Correction of relevant mutations in T cells has long been explored as a strategy to cure HIGM1. In this paper, researchers at Vita-Salute San Raffaele University and San Raffaele Telethon Institute for Gene Therapy (SR-TIGET) compared two different gene correction strategies – autologous T cell therapy and hematopoietic stem/progenitor cell (HSPC) therapy. When they detected off-target editing at least one locus, the research team switched to Aldevron SpyFi™ Cas9 Nuclease to reduce this off-target activity below detectable levels.
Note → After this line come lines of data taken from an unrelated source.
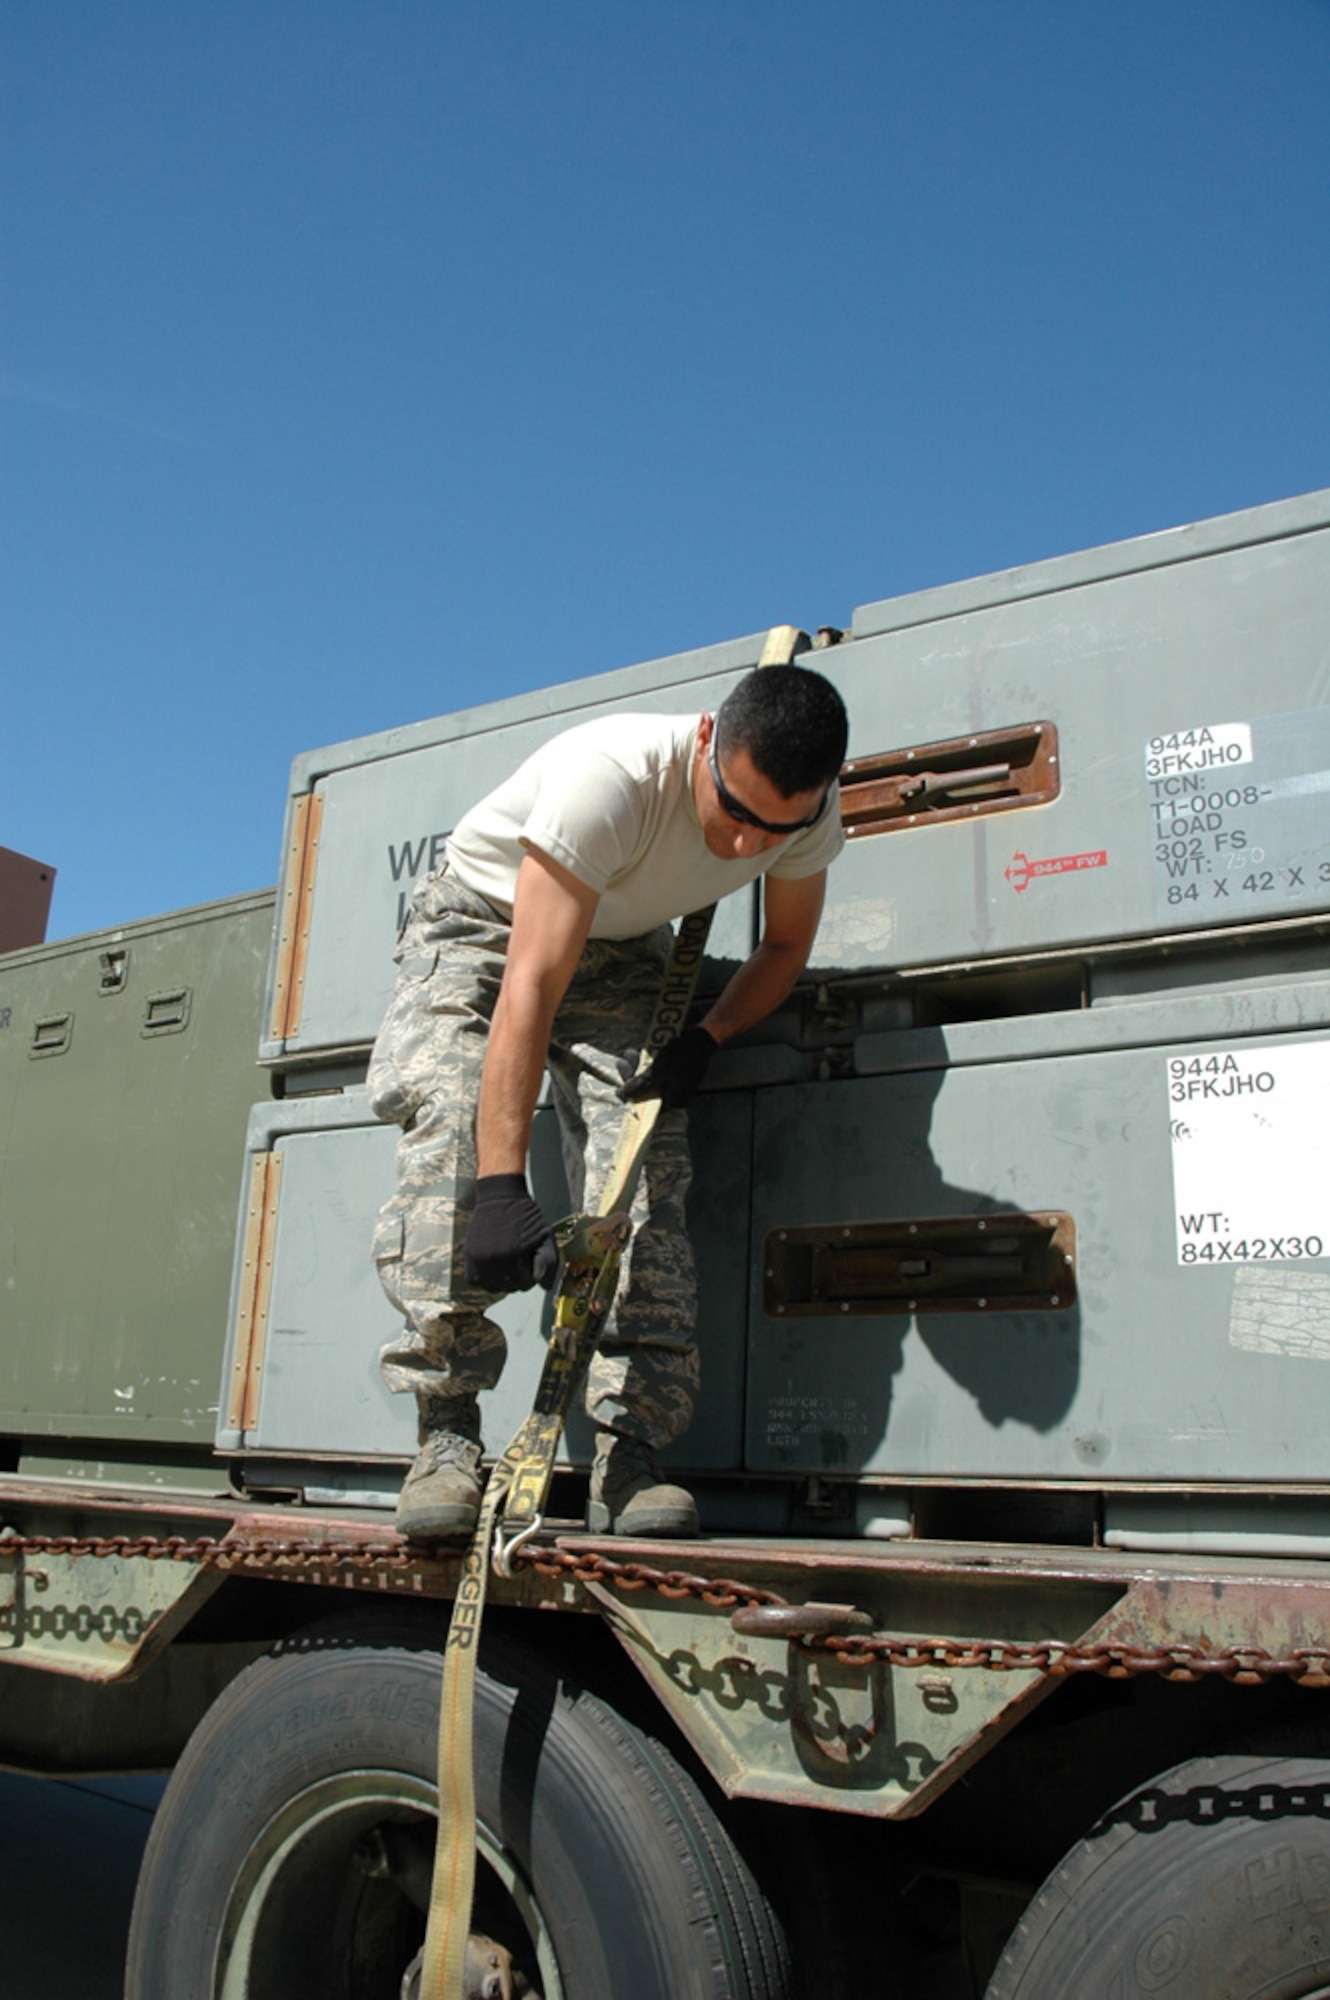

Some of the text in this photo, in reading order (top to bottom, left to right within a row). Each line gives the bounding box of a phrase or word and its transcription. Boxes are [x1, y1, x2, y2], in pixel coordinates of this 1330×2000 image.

[1150, 728, 1214, 755] 944A
[1150, 774, 1205, 798] TCN:
[1151, 786, 1272, 820] T1-0008-
[1157, 813, 1223, 840] LOAD
[1156, 830, 1247, 862] 302 FS
[1166, 857, 1212, 878] WT:
[1167, 883, 1198, 904] 84
[1214, 878, 1230, 898] X
[1242, 871, 1274, 892] 42
[1288, 867, 1305, 886] X
[1170, 1054, 1239, 1079] 944A
[1180, 1212, 1230, 1234] WT:
[1181, 1236, 1323, 1263] 84X42X30
Both T-cell and HPSC therapeutic approaches were effective at rescuing immune response in mouse models, but the research team ultimately concluded that T-cell therapy would be a more promising clinical strategy. 

https://doi.org/10.15252/emmm.202013545

Vavassori, V., Mercuri, E., Marcovecchio, G. E., Castiello, M. C., Schiroli, G., Albano, L., Margulies, C., Buquicchio, F., Fontana, E., Beretta, S., Merelli, I., Cappelleri, A., Rancoita, P. M., Lougaris, V., Plebani, A., Kanariou, M., Lankester, A., Ferrua, F., Scanziani, E., Cotta-Ramusino, C., … Genovese, P. (2021). Modeling, optimization, and comparable efficacy of T cell and hematopoietic stem cell gene editing for treating hyper-IgM syndrome. EMBO molecular medicine, 13(3), e13545. https://doi.org/10.15252/emmm.202013545 

CRISPR/Cas9-based targeted genome editing for correction of recessive dystrophic epidermolysis bullosa using iPS cells

Jacków, J., Guo, Z., Hansen, C., Abaci, H. E., Doucet, Y. S., Shin, J. U., Hayashi, R., DeLorenzo, D., Kabata, Y., Shinkuma, S., Salas-Alanis, J. C., & Christiano, A. M. (2019). CRISPR/Cas9-based targeted genome editing for correction of recessive dystrophic epidermolysis bullosa using iPS cells. Proceedings of the National Academy of Sciences of the United States of America, 116(52), 26846–26852. Advance online publication. https://doi.org/10.1073/pnas.1907081116

Induced pluripotent stem cells (iPSCs) show great promise as a therapeutic tool for a wide variety of human diseases. Pluripotent stem cells can differentiate into any human cell type, allowing researchers to create patient-specific cell lines that do not carry a risk of rejection in vivo. iPSCs are derived from adult cells, so their study is less controversial than embryonic stem cells for equivalent conditions. Stem cell therapy shows great promise in treating dystrophic epidermolysis bullosa (EB), a rare recessive genetic disorder caused by mutations in the COL7A1 gene that results in fragile skin and painful skin blistering.

In this paper, researchers at Columbia University use CRISPR/Cas9 technology to correct COL7A1 mutations in patient iPSCs. Gene-modified cells were differentiated into keratinocytes and fibroblasts before transplantation and engraftment into a mouse model. Transplanted cells successfully rescued the wild-type skin phenotype and did not show evidence of tumorigenesis, a documented concern for iPSC therapeutics. The research team applied Aldevron SpyFi™ Cas9 Nuclease due to the reduction in off-target editing and equivalent on-target performance in comparison to wild-type SpCas9.